__WORK REQUIRED__: Leave out each picture. Repeat everything else in the records exactly.

┏━━

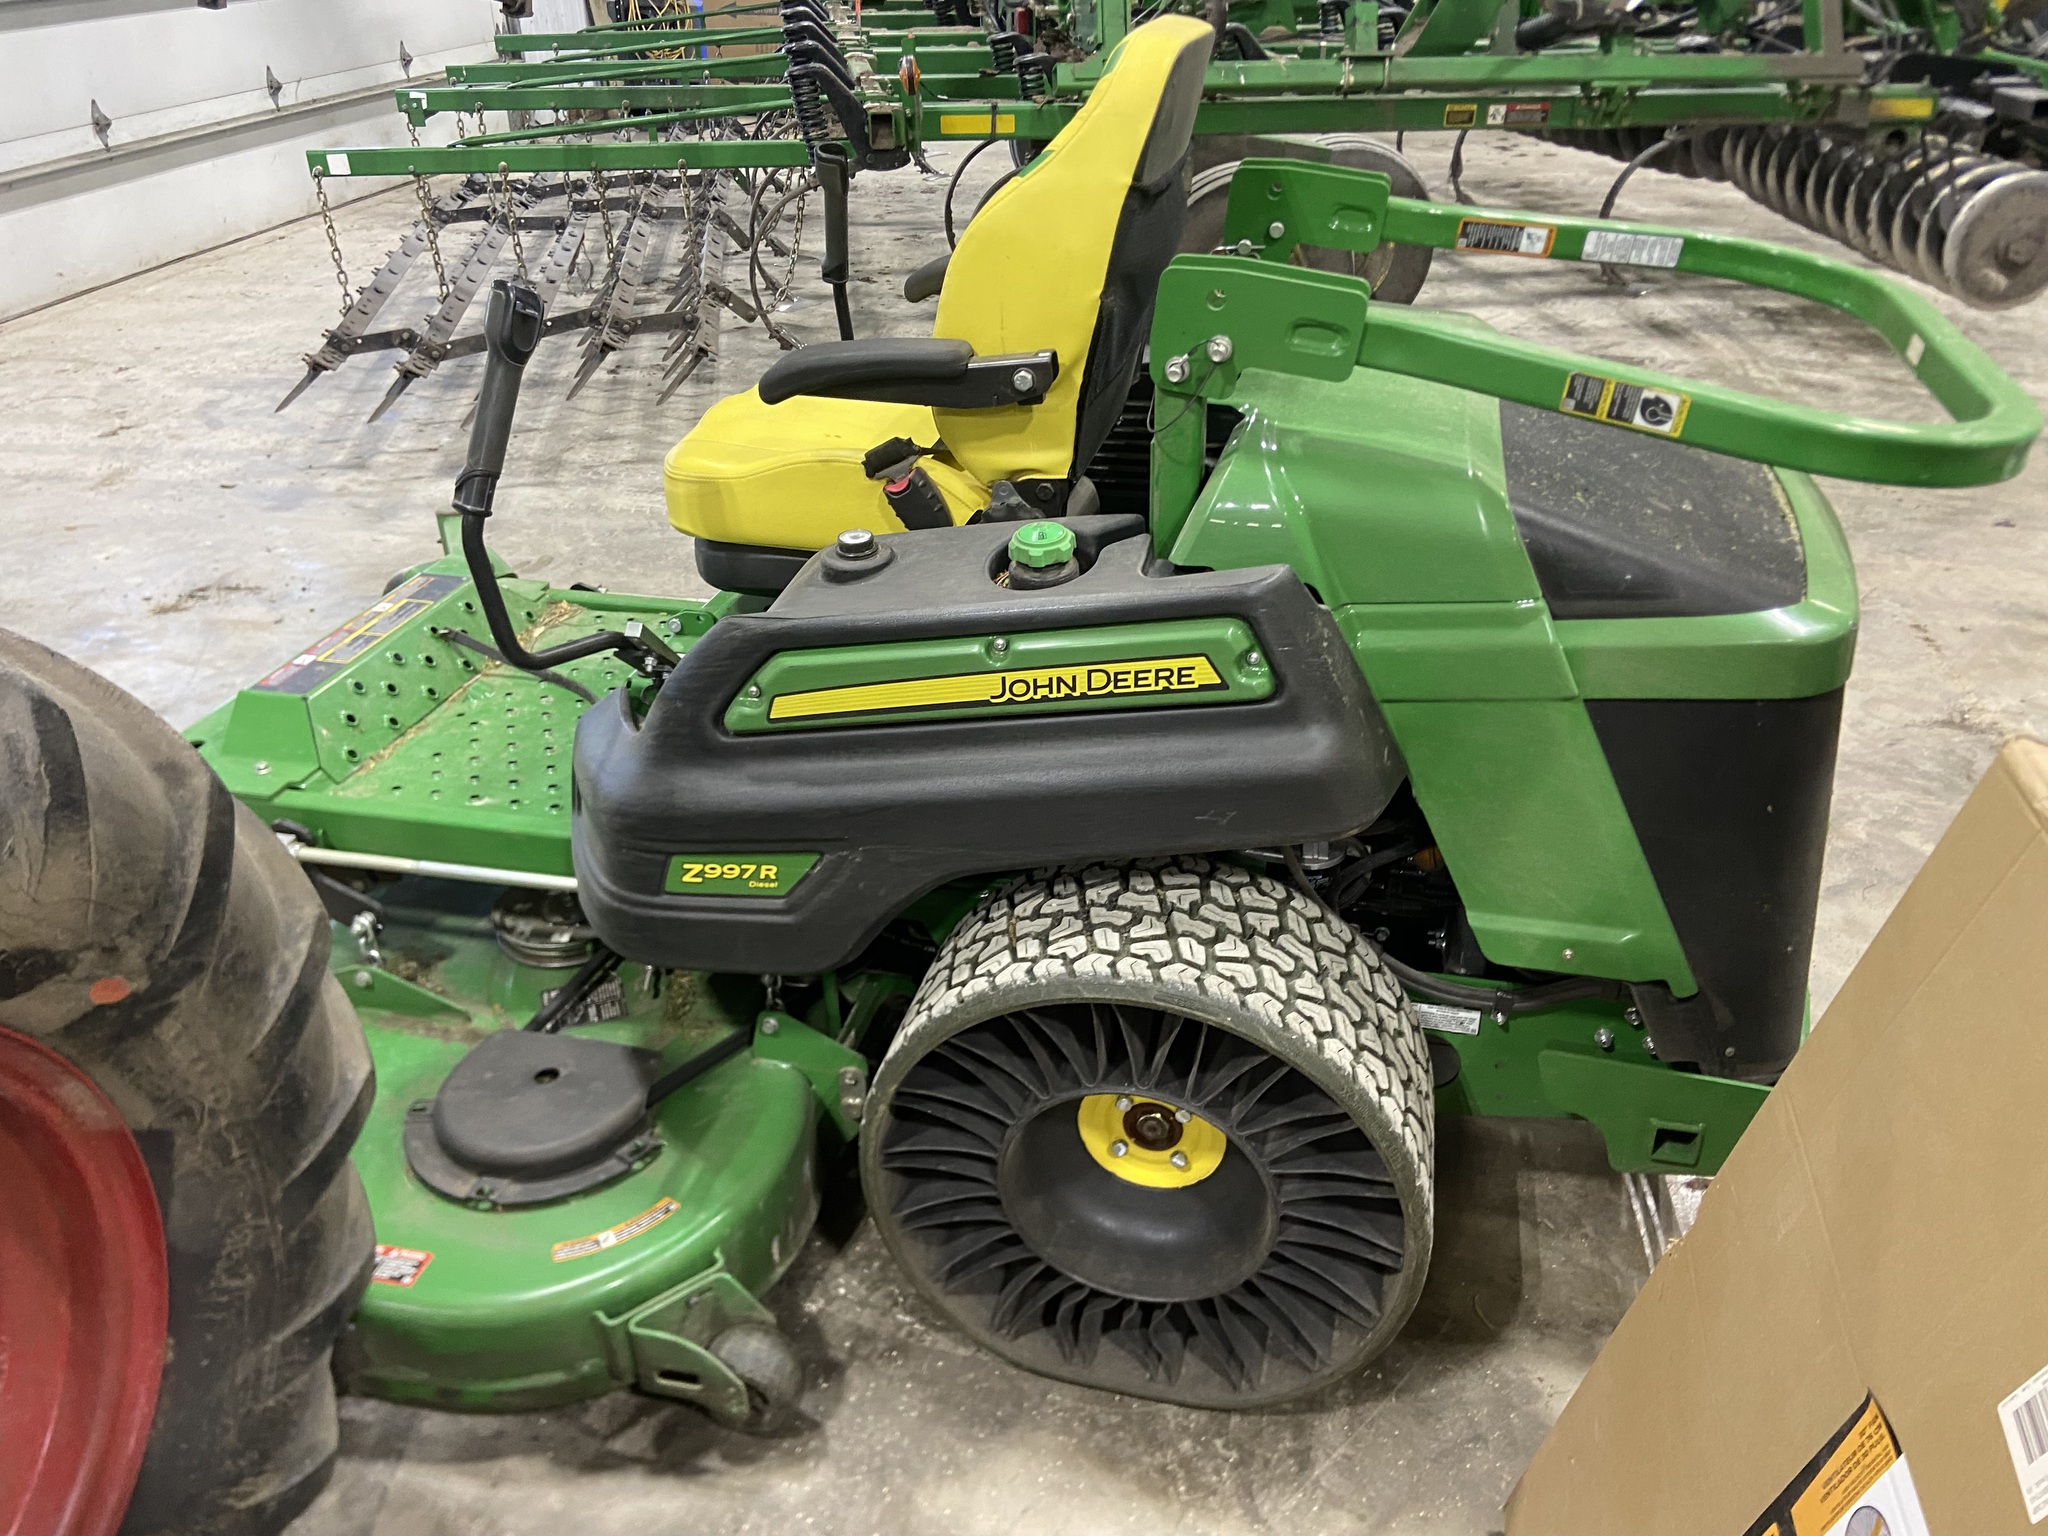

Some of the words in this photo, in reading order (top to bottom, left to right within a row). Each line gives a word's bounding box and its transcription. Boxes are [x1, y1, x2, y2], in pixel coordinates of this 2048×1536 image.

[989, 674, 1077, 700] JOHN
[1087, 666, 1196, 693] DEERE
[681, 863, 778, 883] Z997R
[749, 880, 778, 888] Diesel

┗━━

__EXPECTED ANSWER__:
Some of the words in this photo, in reading order (top to bottom, left to right within a row). Each line gives a word's bounding box and its transcription. Boxes are [x1, y1, x2, y2], in pixel coordinates of this 2048×1536 image.

[989, 674, 1077, 700] JOHN
[1087, 666, 1196, 693] DEERE
[681, 863, 778, 883] Z997R
[749, 880, 778, 888] Diesel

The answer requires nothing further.